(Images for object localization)
++++++++++

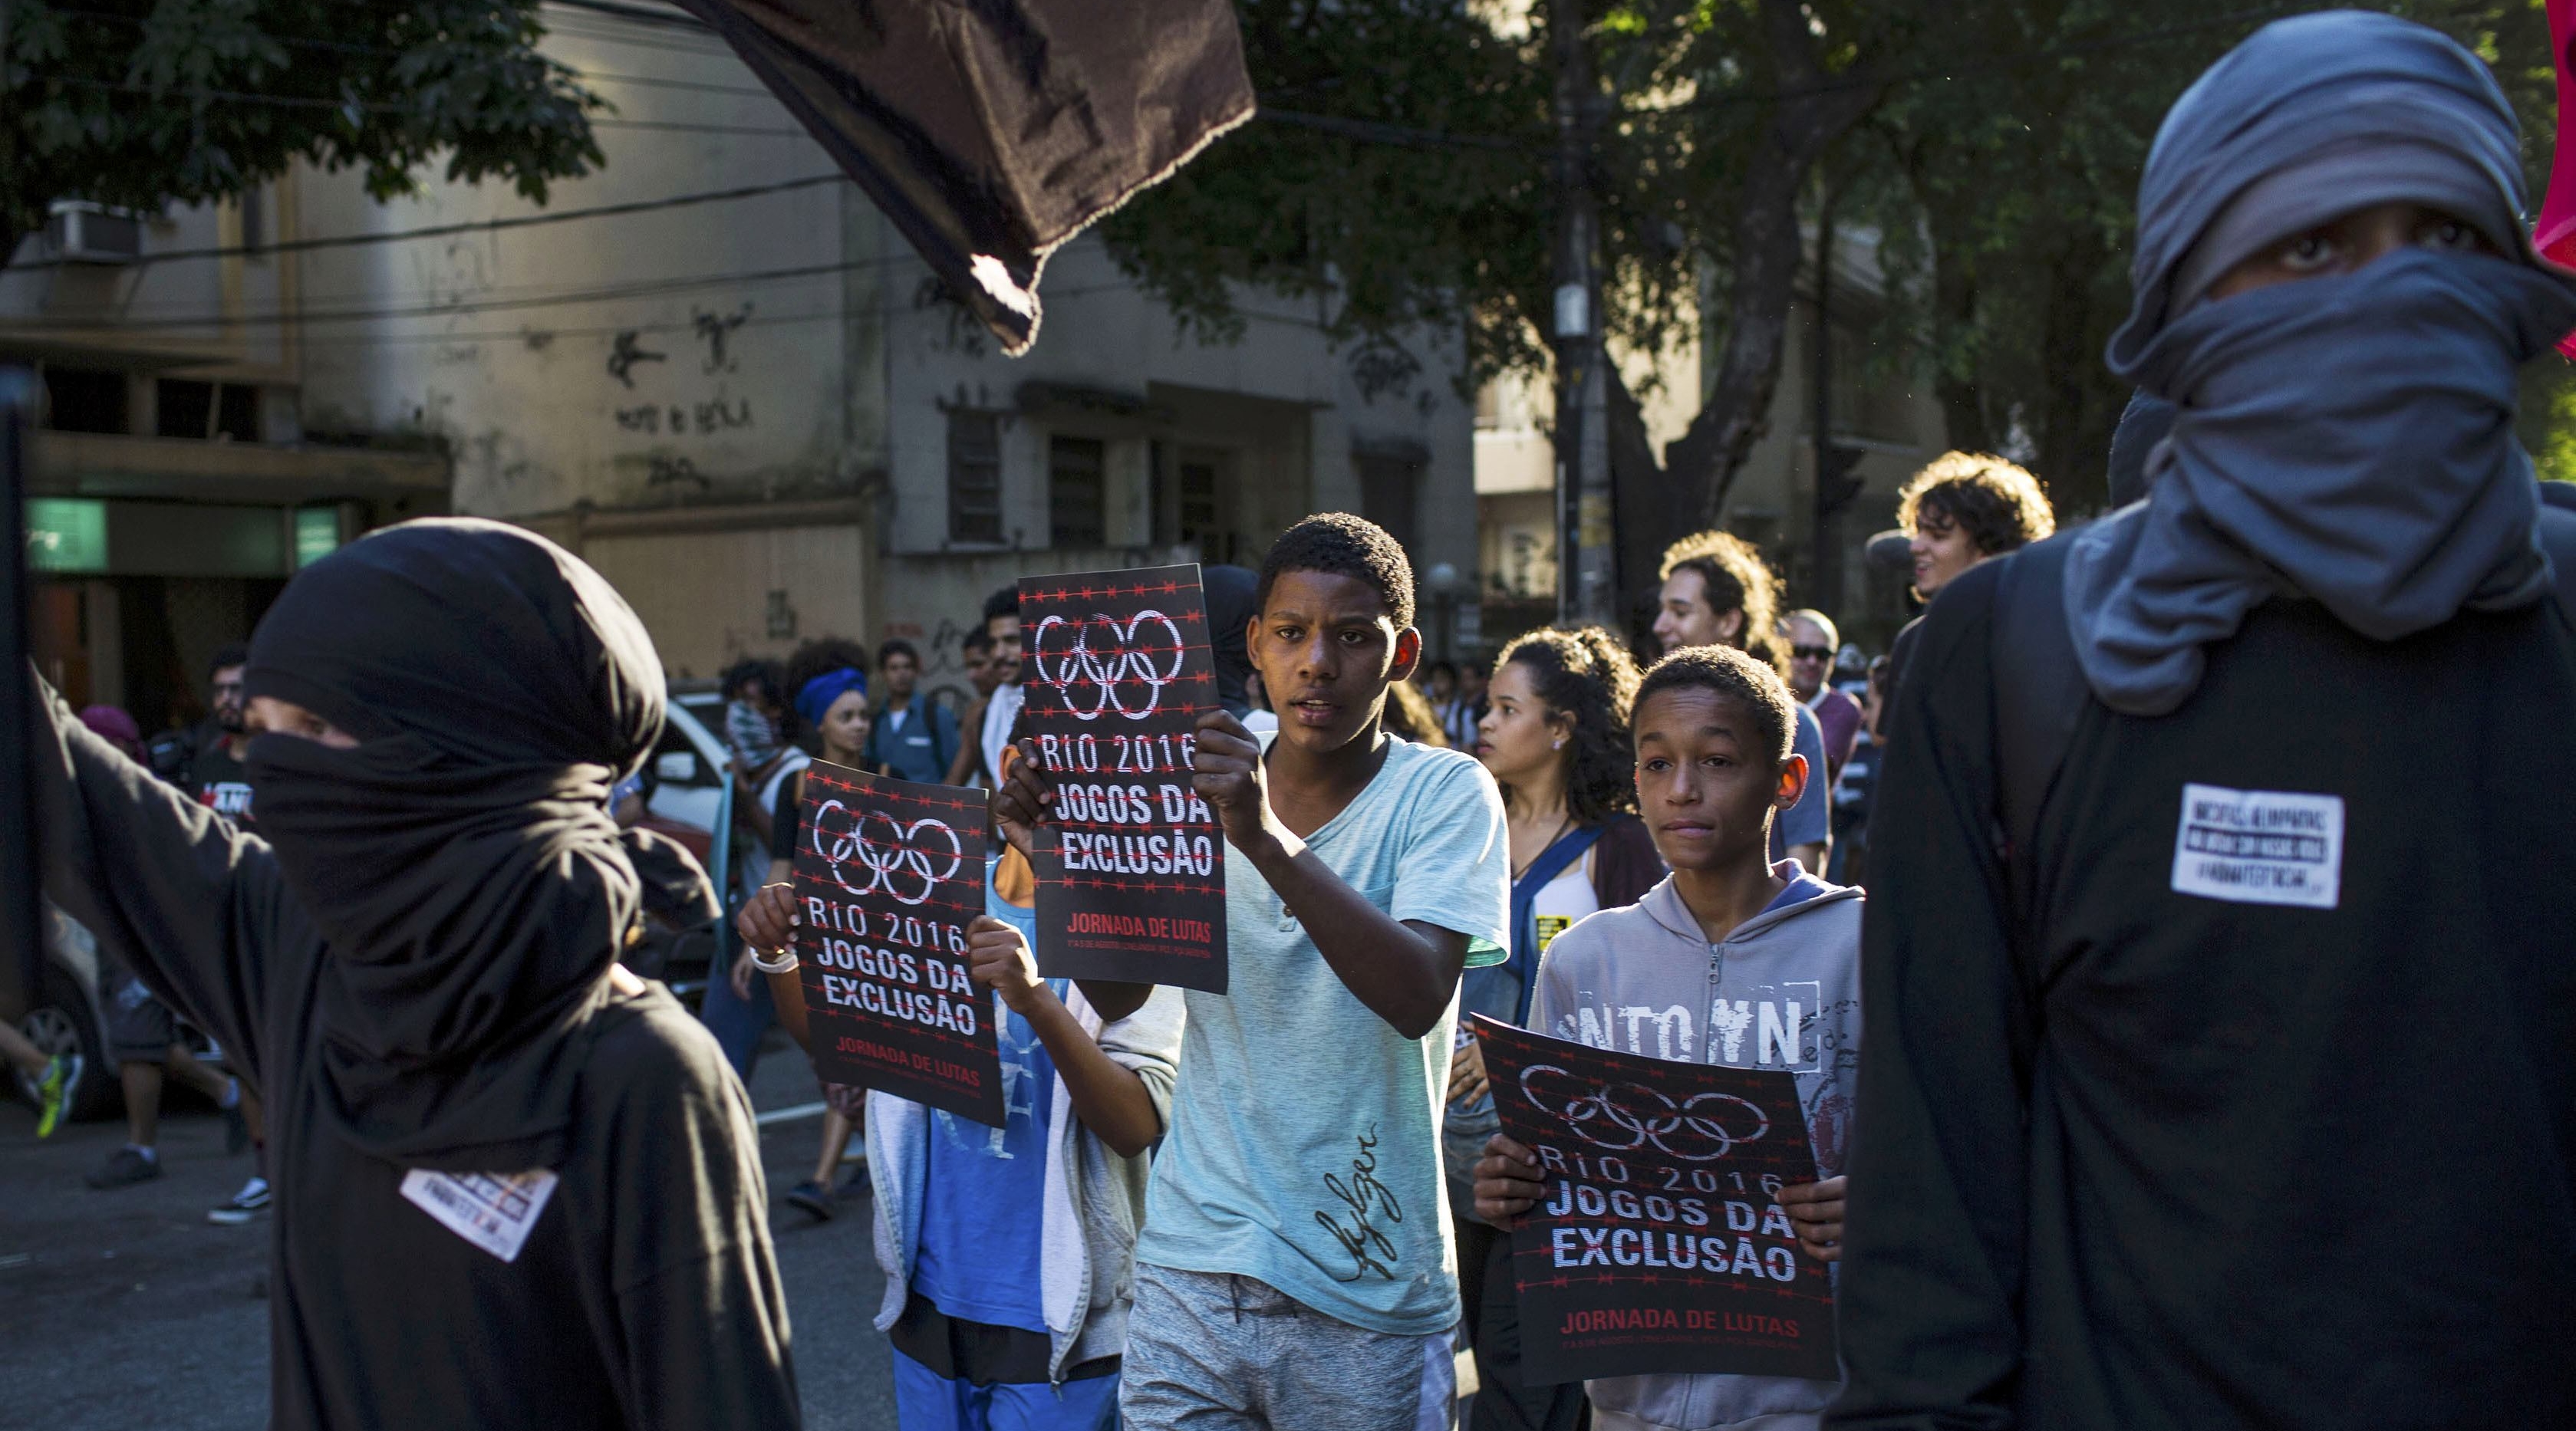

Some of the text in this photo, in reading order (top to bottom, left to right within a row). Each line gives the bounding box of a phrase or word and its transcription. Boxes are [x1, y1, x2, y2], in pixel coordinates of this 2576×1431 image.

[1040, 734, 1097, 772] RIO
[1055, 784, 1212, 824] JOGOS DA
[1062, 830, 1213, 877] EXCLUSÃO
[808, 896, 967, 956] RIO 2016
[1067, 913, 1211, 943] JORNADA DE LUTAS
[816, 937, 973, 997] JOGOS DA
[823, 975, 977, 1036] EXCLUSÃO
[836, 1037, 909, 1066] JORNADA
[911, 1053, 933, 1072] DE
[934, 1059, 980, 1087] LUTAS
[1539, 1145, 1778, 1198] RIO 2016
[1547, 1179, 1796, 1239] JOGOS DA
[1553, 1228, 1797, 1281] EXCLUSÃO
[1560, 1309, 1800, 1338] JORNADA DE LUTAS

++++++++++

Work instructions:
Please transcribe each entry exactly and exclude any image it contains.

Answer for the task:
Some of the text in this photo, in reading order (top to bottom, left to right within a row). Each line gives the bounding box of a phrase or word and its transcription. Boxes are [x1, y1, x2, y2], in pixel coordinates of this 2576×1431 image.

[1040, 734, 1097, 772] RIO
[1055, 784, 1212, 824] JOGOS DA
[1062, 830, 1213, 877] EXCLUSÃO
[808, 896, 967, 956] RIO 2016
[1067, 913, 1211, 943] JORNADA DE LUTAS
[816, 937, 973, 997] JOGOS DA
[823, 975, 977, 1036] EXCLUSÃO
[836, 1037, 909, 1066] JORNADA
[911, 1053, 933, 1072] DE
[934, 1059, 980, 1087] LUTAS
[1539, 1145, 1778, 1198] RIO 2016
[1547, 1179, 1796, 1239] JOGOS DA
[1553, 1228, 1797, 1281] EXCLUSÃO
[1560, 1309, 1800, 1338] JORNADA DE LUTAS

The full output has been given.